Next, we need a way to control which subset of disks is involved in a
snapshot command. Previous mail has documented that for ESX, the
decision can only be made at boot time - a disk can be persistent
(involved in snapshots, and saves changes across domain boots);
independent-persistent (is not involved in snapshots, but saves changes
across domain boots); or independent-nonpersistent (is not involved in
snapshots, and all changes during a domain run are discarded when the
domain quits). In <domain> xml, I will represent this by two new
optional attributes:
<disk snapshot='no|external|internal' persistent='yes|no'>...</disk>
For now, qemu will reject snapshot=internal (the snapshot_blkdev monitor
command does not yet support it, although it was documented as a
possible extension); I'm not sure whether ESX supports external,
internal, or both. Likewise, both ESX and qemu will reject
persistent=no unless snapshot=no is also specified or implied (it makes
no sense to create a snapshot if you know the disk will be thrown away
on next boot), but keeping the options orthogonal may prove useful for
some future extension. If either option is omitted, the default for
snapshot is 'no' if the disk is <shared> or <readonly> or persistent=no,
and 'external' otherwise; and the default for persistent is 'yes' for
all disks (domain_conf.h will have to represent nonpersistent=0 for
easier coding with sane 0-initialized defaults, but no need to expose
that ugly name in the xml). I'm not sure whether to reject an explicit
persistent=no coupled with <readonly>, or just ignore it (if the disk is
readonly, it can't change, so there is nothing to throw away after the
domain quits). Creation of an external snapshot requires rewriting the
active domain XML to reflect the new filename.

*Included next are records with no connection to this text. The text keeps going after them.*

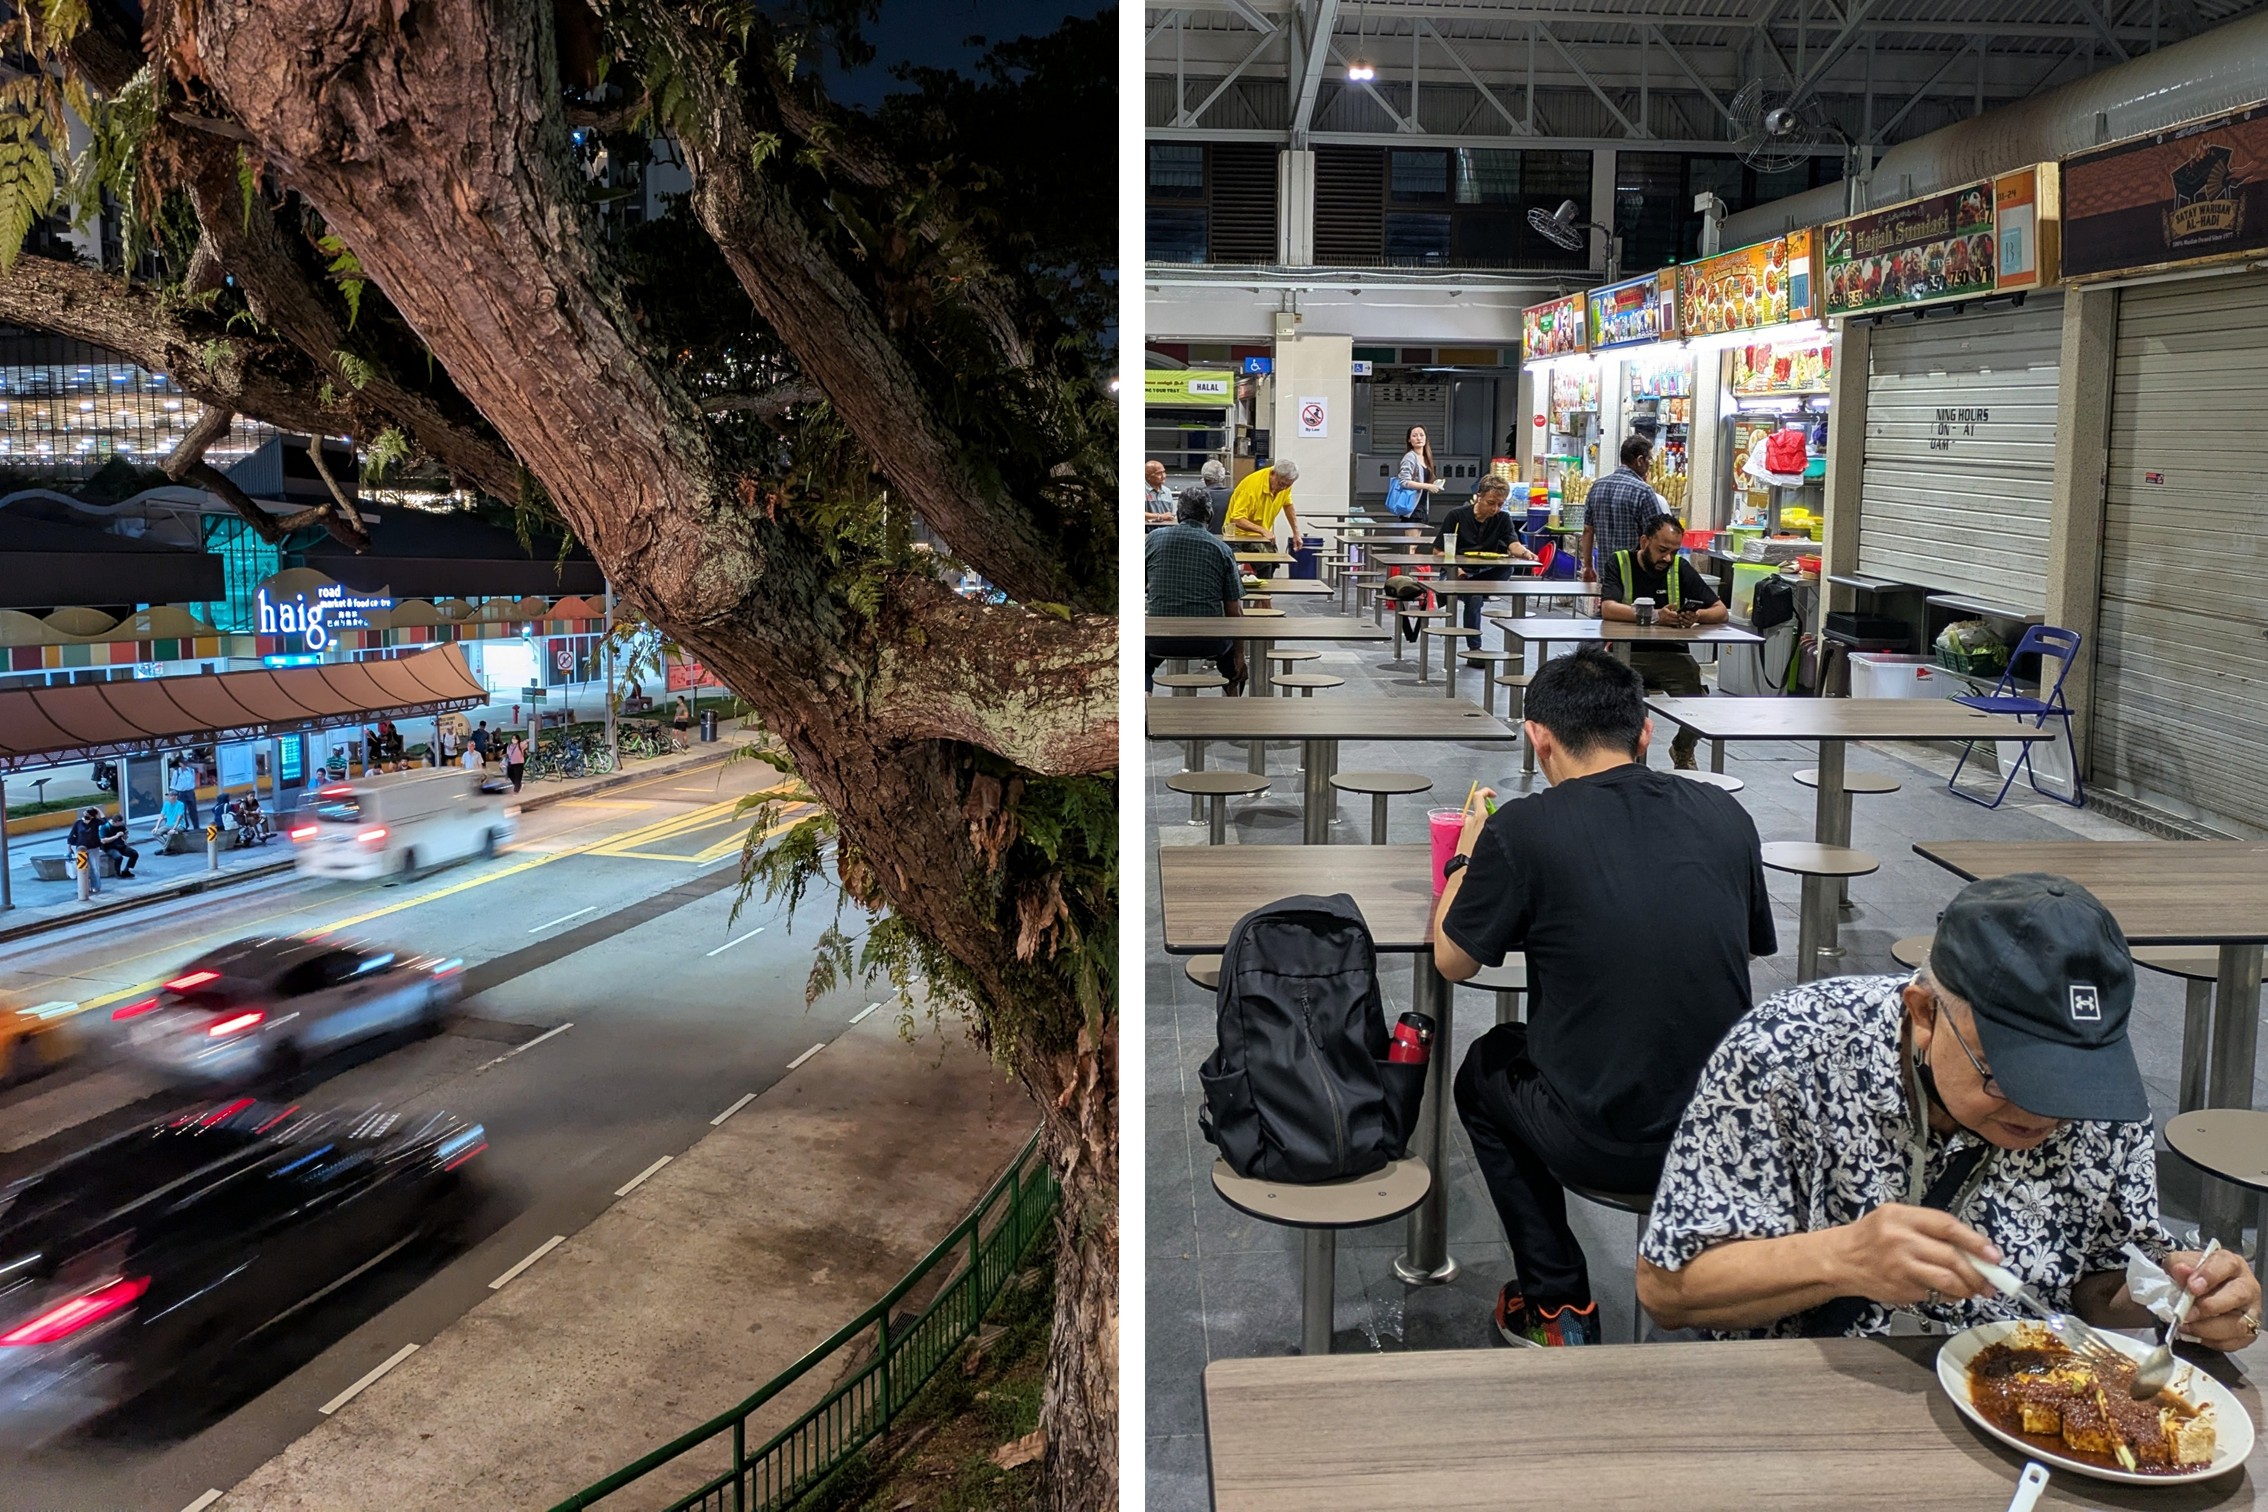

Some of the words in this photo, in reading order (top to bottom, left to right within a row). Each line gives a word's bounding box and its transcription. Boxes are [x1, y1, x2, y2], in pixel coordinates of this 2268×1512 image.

[2176, 207, 2197, 224] SATAY
[2199, 204, 2230, 215] WARISAN
[2187, 215, 2219, 230] AL-HADI
[1856, 223, 1894, 256] Hajjah
[1196, 383, 1219, 391] HALAL
[1958, 408, 1989, 421] HOURS
[318, 584, 342, 598] road
[320, 599, 346, 609] market
[347, 598, 353, 608] &
[353, 598, 369, 608] food
[258, 589, 327, 650] haig

While ESX can only select the subset of disks to snapshot at boot time,
qemu can alter the selection at runtime. Therefore, I propose also
modifying the <domainsnapshot> xml to take a new subelement <disks> to
fine-tune which disks are involved in a snapshot. For now, a checkpoint
must omit <disks> on virDomainSnapshotCreateXML input (that is, <disks>
must only be present if the VIR_DOMAIN_SNAPSHOT_CREATE_DISK_ONLY is
used, and checkpoints always cover full system state, and on qemu this
checkpoint uses internal snapshots). Meanwhile, for disk snapshots, if
the <disks> element is omitted, then one is automatically created using
the attributes in the <domain> xml. For ESX, if the <disks> element is
present, it must select the same disks as the <domain> xml. Offline
checkpoints will continue to use <state>shutoff</state> in the xml
output, while new disk snapshots will use <state>disk-snapshot</state>
to indicate that the disk state was obtained from a running VM and might
be only crash-consistent rather than stable.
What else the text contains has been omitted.